Marine Le Pen récidive sur l’IVG

Le 12 avril 2012

À l'occasion des grandes interviews présidentielles organisées par France 2 dans l'émission "Des Paroles et des actes", les 11 et 12 avril, les journalistes de données d'OWNI se mobilisent. Et vous livrent un résumé du grand oral des six principaux prétendants, à retrouver sur Le Véritomètre. Morceaux choisis du passage de Marine Le Pen.

16 minutes et 34 secondes. C’était le temps alloué à chacun des candidats pour convaincre 3,4 millions de téléspectateurs. Pour sa dernière grande interview télévisée, Marine Le Pen s’est de nouveau avancée sur ses thématiques de prédilection, la politique migratoire et le retour au franc. Tout en s’aventurant sur le terrain de données inédites, à propos de la contraception en France. La candidate du Front national (FN) y est donc allée de ses petits conseils :

En 2012, il y a quand même 15 moyens de contraception en amont pour éviter cela [une grossesse] !

La page d’accueil du portail du ministère de la Santé ChoisirSaContraception.fr recense 14 moyens contraceptifs existant en France. Avec quelques nuances, notamment concernant les “moyens naturels”, comme la méthode des températures, jugées “très imprécises et peu fiables”.

Il reste qu’avec son chiffre de “15 moyens de contraception” accessibles en France en 2012, Marine Le Pen tient des propos s’éloignant de 7,1% de la réalité, et donc imprécis selon le barème1 du Véritomètre.

Récidive sur l’IVG

C’était l’une des polémiques lancées par Marine Le Pen dans cette campagne : les avortements de complaisance. L’expression, alors vivement décriée tant par les professionnels de la santé que le monde politique, désignait les Interruptions volontaires de grossesses (IVG) multiples au cours de la vie de certaines femmes. Une pratique que la candidate FN est allée jusqu’à assimiler à un moyen de contraception. Et qu’elle propose de punir par le déremboursement de l’IVG.

Pour appuyer ses propos, Marine Le Pen s’est appuyé sur un article de presse :

Monsieur Moutel disait deux sur dix [avortements de complaisance] (…) dans Le Figaro.

Dans un article paru sur le journal Le Figaro du 25 février 2009, Grégoire Moutel, médecin en endocrinologie et médecine légale, a effectivement évoqué le chiffre de “deux [femmes] sur dix” ayant subi “deux ou trois avortements” au cours de leur vie féconde.

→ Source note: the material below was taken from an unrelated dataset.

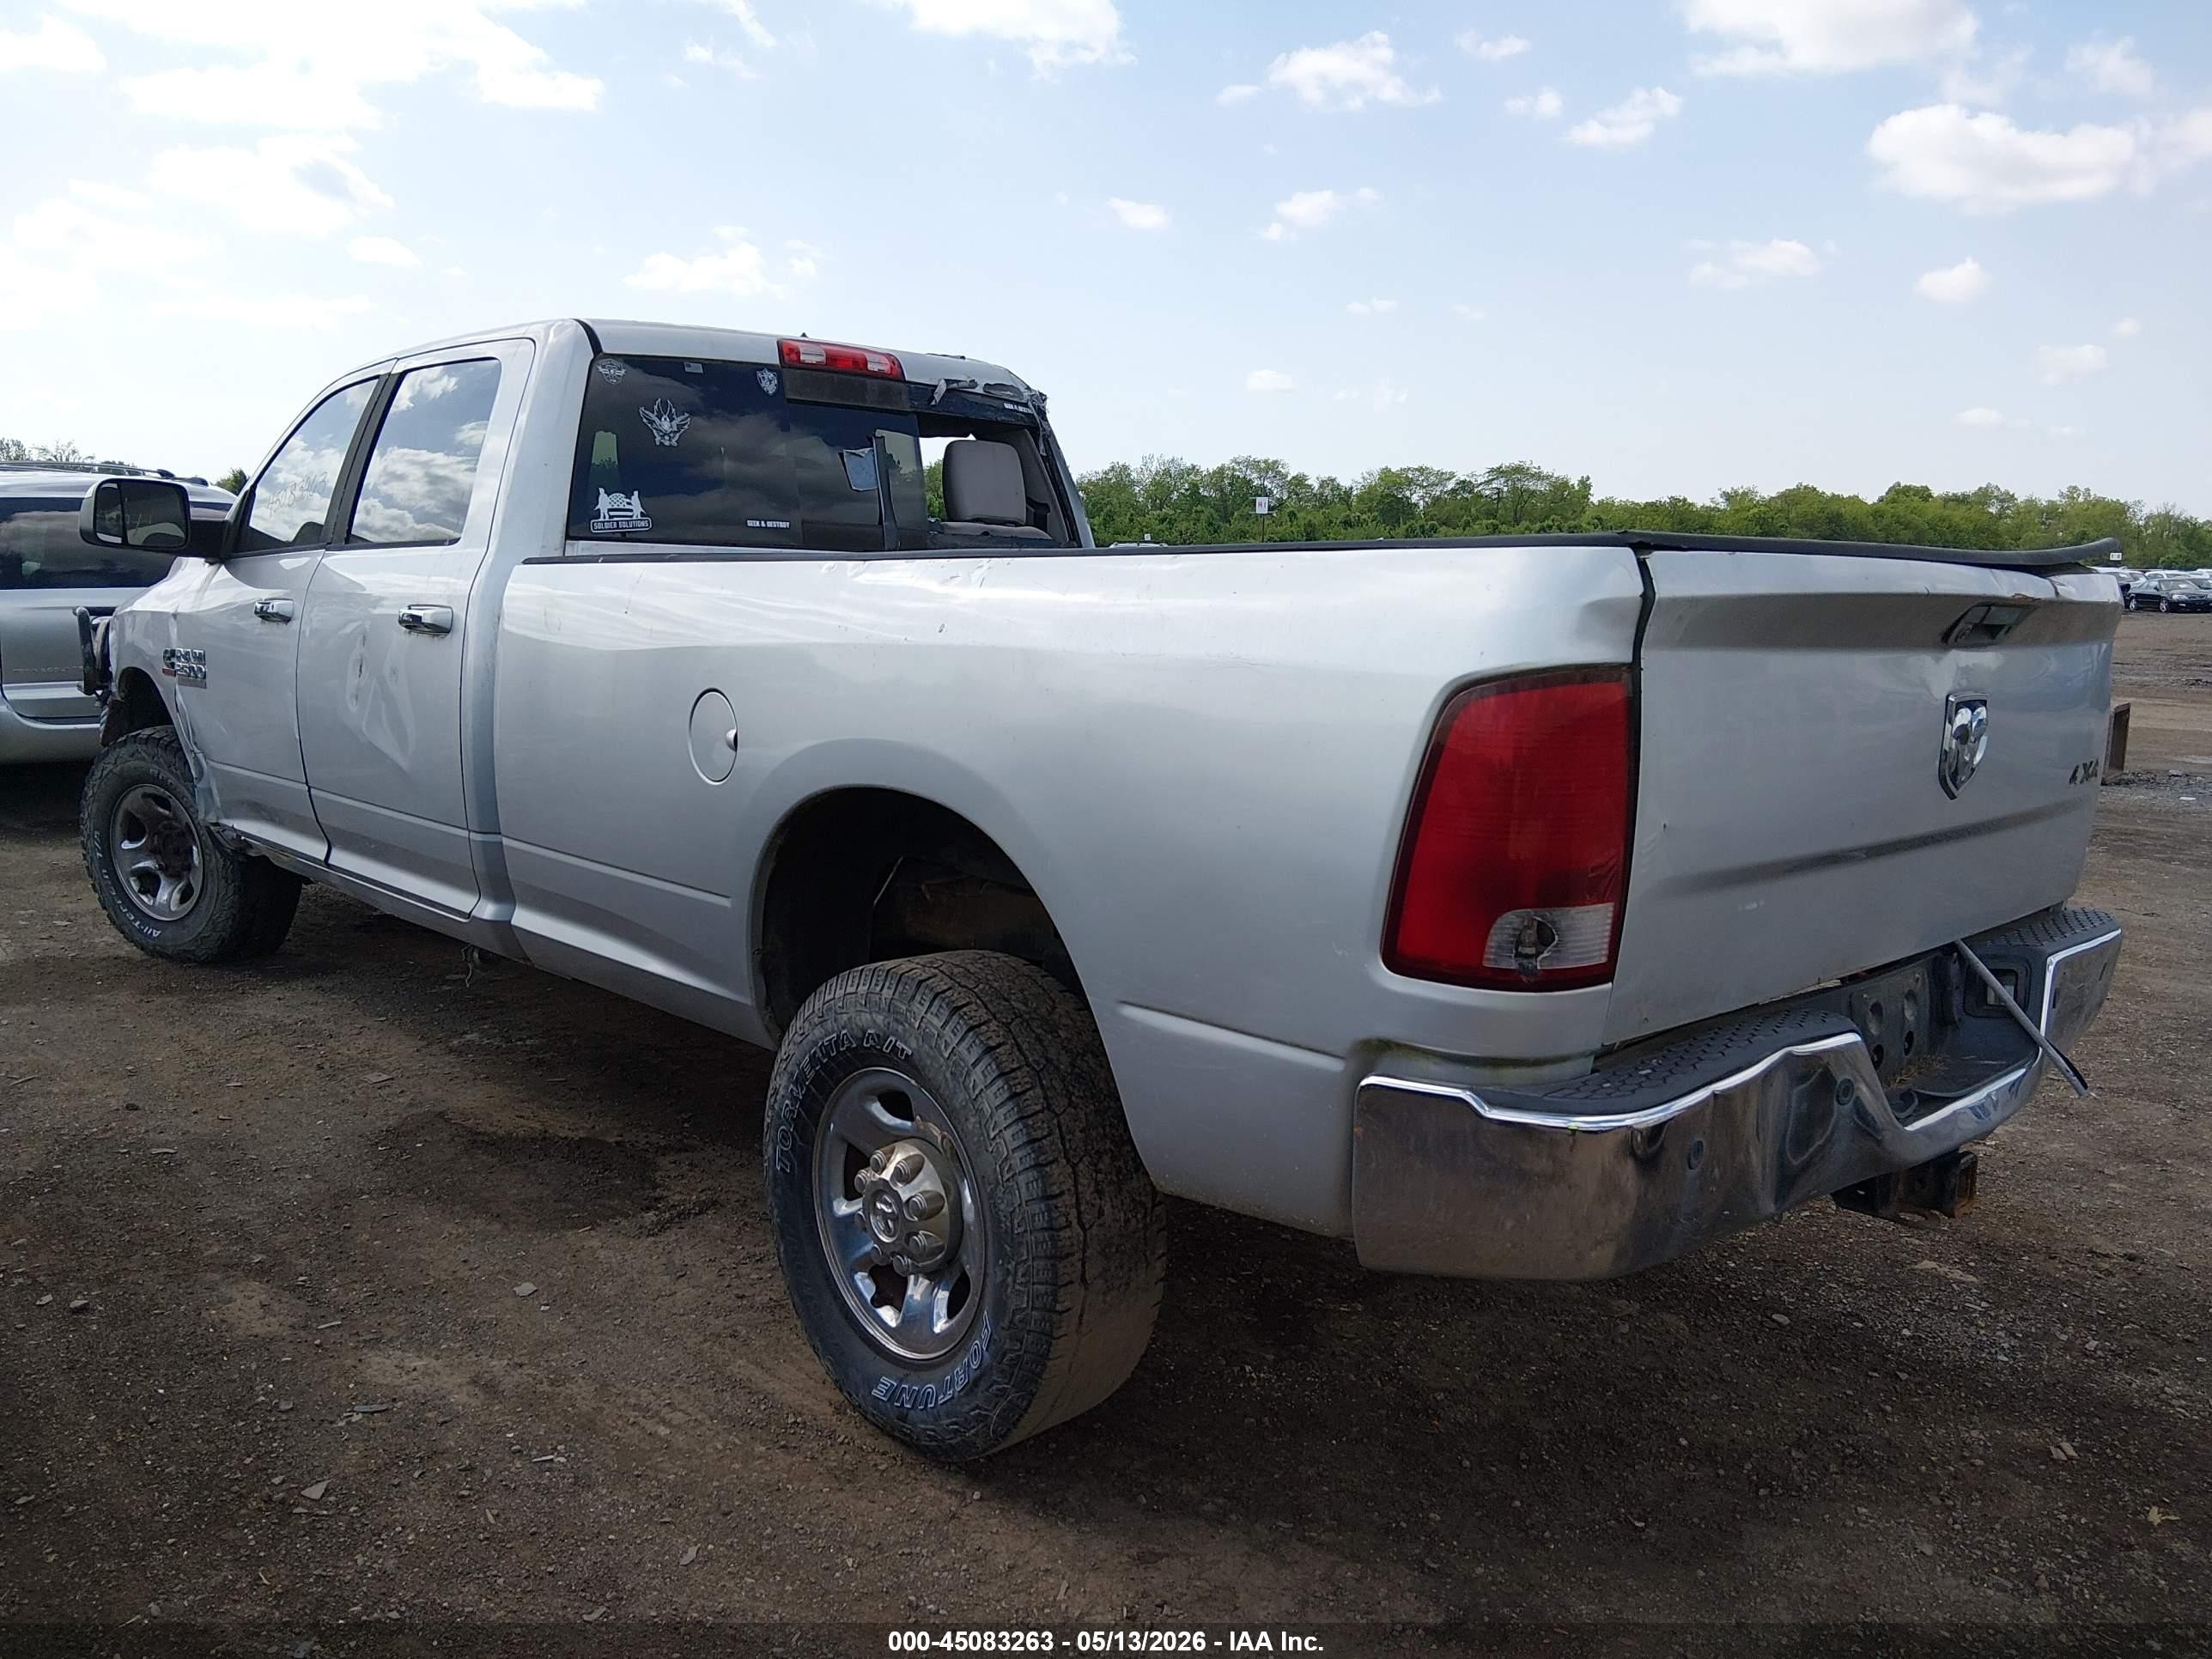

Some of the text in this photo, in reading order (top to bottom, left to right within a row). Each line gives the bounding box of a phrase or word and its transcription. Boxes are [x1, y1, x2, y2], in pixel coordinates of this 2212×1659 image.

[593, 520, 649, 530] SOLDIER SOLUTIONS
[175, 662, 207, 679] 2500
[872, 1310, 992, 1409] FORTUNE

Avant de se rétracter, et de répondre, dans le journal Le Monde daté du 15 mars 2012, que les “IVG récurrentes [représentaient] environ 3%” du total des IVG effectuées chaque année.

L’Inspection générale des affaires sociales (Igas) ne s’avance pas autant que le docteur Moutel. Dans son rapport intitulé La prise en charge de l’interruption volontaire de grossesse et publié en octobre 2009, le service d’inspection des politiques sociales précise (page 38) qu’aucune “donnée fiable et objective” n’existe à propos des “IVG récurrentes” en France. Et de renchérir, comme pour répondre à la candidate FN :

Cette situation où les partis-pris et les impressions subjectives, souvent forgées à partir de cas particuliers, tendent à l’emporter sur l’analyse objective des données de fait reflète, au-delà de l’imperfection des statistiques qui n’est pas propre à l’IVG, la spécificité d’un sujet qui reste ‘pas tout à fait comme les autres’ : peu de questions de santé publique mettent autant en jeu des points de vue personnels éthiques, religieux, philosophiques, moraux et politiques.

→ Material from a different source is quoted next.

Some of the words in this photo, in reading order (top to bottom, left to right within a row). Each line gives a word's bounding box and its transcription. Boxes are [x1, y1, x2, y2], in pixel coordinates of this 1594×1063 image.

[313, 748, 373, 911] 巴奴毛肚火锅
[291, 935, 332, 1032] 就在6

Un rapport complémentaire de la même Igas, publiée lui aussi en octobre 2009, délivre ainsi une seule donnée à ce sujet : les IVG récurrentes en Martinique. Elles auraient représenté 8,5% du total des IVG du département.

Impossible de dire, donc, si la situation outre-mer reflète celle en métropole. Il semble en tout cas bien exagéré de la part de Marine Le Pen de parler de 20% d’IVG récurrentes chaque année dans le pays.


Les vérifications des interventions sont réalisées par l’équipe du Véritomètre : Sylvain Lapoix, Nicolas Patte, Pierre Leibovici, Grégoire Normand et Marie Coussin.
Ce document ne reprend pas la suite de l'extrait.